--- Data records ---
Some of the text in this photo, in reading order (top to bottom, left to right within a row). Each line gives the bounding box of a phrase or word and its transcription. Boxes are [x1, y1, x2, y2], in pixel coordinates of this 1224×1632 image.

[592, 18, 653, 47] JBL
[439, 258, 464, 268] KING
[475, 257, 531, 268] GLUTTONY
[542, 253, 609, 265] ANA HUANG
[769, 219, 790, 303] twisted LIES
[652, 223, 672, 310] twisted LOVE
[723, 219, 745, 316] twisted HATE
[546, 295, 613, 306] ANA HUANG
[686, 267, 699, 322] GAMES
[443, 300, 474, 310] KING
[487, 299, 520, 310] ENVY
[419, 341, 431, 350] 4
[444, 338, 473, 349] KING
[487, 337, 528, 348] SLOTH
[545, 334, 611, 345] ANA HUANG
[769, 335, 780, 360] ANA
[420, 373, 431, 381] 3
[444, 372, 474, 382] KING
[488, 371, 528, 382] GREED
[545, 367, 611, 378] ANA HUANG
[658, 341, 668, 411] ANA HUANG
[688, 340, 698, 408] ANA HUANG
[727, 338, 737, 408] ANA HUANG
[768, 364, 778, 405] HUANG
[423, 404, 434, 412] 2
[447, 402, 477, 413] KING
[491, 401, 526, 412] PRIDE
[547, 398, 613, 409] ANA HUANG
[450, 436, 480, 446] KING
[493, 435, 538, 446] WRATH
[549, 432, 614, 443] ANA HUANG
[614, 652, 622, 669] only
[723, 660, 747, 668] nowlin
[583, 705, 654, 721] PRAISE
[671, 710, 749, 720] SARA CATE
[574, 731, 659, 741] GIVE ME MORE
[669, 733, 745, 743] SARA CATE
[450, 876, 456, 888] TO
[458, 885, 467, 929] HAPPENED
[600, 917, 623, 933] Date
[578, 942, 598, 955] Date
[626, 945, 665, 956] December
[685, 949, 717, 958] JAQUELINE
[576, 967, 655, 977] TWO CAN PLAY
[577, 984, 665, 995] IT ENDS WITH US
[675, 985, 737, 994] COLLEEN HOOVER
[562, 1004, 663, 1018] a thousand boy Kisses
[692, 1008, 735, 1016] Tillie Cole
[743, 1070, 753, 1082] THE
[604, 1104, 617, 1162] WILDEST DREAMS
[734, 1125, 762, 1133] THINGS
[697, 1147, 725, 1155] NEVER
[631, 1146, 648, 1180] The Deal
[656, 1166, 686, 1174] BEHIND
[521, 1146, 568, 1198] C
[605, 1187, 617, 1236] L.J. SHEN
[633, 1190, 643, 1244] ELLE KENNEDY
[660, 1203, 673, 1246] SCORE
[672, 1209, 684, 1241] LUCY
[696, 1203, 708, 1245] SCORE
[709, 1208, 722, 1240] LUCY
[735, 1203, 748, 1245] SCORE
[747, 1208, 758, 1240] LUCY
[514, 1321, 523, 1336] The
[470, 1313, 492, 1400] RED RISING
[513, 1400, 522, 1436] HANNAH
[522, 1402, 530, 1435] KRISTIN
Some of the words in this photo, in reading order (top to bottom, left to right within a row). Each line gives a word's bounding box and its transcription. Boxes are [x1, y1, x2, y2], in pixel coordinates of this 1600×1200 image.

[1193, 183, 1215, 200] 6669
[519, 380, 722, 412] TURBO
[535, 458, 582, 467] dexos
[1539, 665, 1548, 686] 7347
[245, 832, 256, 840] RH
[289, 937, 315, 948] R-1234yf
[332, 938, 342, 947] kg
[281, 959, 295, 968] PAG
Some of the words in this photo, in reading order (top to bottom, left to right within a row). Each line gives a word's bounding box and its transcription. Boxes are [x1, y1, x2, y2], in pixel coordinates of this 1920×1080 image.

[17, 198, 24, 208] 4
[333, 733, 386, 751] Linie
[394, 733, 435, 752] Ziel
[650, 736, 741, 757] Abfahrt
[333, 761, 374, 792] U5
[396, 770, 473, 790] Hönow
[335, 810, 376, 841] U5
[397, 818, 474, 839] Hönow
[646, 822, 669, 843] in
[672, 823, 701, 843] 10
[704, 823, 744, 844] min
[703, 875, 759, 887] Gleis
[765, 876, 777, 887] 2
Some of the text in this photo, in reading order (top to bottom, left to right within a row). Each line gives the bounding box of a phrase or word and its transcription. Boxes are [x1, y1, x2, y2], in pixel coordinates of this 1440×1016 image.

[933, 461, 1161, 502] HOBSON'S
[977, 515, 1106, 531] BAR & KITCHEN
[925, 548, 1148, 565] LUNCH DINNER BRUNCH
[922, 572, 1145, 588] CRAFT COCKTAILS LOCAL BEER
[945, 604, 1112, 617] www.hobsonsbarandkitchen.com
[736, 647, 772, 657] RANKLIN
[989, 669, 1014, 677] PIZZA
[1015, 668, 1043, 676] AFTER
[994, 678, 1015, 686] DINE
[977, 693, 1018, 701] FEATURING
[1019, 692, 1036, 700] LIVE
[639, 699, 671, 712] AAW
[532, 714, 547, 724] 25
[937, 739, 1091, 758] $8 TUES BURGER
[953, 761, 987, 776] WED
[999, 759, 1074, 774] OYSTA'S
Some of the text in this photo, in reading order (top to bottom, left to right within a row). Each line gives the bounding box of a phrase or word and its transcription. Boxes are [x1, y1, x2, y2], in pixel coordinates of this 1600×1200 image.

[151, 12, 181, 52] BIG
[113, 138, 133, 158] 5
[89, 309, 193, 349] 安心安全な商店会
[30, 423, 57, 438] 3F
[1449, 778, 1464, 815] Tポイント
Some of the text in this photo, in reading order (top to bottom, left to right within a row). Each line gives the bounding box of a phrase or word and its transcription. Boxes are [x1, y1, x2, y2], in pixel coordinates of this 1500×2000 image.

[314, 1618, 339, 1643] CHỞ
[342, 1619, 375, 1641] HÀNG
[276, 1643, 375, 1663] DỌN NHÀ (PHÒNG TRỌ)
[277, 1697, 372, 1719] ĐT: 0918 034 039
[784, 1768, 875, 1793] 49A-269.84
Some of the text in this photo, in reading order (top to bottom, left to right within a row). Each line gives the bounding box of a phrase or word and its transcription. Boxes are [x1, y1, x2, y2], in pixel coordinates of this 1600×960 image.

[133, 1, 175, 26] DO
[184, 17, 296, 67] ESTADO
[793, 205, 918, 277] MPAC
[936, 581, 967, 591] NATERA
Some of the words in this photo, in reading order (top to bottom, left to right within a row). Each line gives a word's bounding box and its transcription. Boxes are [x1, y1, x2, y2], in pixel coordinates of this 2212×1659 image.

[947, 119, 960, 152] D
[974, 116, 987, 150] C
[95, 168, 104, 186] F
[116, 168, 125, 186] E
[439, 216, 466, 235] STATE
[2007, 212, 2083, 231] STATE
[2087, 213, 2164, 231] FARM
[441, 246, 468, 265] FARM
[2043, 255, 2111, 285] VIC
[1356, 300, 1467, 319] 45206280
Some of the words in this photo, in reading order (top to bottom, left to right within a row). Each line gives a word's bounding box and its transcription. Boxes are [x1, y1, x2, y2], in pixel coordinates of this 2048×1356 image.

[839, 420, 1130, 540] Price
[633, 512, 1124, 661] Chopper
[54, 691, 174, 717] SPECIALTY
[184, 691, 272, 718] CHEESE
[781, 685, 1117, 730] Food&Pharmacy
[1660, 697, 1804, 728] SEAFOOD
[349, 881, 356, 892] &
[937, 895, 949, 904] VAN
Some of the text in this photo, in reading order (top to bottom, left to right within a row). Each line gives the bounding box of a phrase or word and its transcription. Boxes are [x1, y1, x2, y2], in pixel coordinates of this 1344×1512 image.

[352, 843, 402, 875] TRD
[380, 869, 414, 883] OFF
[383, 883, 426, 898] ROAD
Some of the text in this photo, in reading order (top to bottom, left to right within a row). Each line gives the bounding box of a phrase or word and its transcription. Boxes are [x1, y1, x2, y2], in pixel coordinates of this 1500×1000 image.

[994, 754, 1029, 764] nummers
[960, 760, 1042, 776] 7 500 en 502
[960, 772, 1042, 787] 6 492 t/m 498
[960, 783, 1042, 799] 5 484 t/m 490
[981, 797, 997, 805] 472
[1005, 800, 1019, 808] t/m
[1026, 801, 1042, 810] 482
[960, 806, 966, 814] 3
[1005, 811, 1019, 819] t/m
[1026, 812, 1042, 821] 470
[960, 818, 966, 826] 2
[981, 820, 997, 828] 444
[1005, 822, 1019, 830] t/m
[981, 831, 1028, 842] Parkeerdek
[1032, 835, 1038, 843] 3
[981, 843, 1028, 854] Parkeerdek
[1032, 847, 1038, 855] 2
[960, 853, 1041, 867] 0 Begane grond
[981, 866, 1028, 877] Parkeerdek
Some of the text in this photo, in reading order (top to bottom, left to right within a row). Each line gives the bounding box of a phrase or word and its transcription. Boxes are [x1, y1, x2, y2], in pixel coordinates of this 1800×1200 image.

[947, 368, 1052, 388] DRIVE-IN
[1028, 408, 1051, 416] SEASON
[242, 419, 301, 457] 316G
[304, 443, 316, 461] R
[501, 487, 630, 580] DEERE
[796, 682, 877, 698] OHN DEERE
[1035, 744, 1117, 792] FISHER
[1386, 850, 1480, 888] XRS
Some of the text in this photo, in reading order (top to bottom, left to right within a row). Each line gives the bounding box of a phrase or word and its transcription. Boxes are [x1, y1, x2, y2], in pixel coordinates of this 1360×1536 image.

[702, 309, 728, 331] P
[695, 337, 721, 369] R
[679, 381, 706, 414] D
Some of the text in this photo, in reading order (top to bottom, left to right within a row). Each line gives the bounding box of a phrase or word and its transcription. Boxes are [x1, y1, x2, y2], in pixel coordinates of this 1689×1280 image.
---
Work instructions ▸
Your task is to write out, exactly, the line that holds "this 1360×1536 image." and every line after it until the records end.

Response box ▸
Some of the text in this photo, in reading order (top to bottom, left to right within a row). Each line gives the bounding box of a phrase or word and its transcription. Boxes are [x1, y1, x2, y2], in pixel coordinates of this 1360×1536 image.

[702, 309, 728, 331] P
[695, 337, 721, 369] R
[679, 381, 706, 414] D
Some of the text in this photo, in reading order (top to bottom, left to right within a row). Each line gives the bounding box of a phrase or word and its transcription. Boxes are [x1, y1, x2, y2], in pixel coordinates of this 1689×1280 image.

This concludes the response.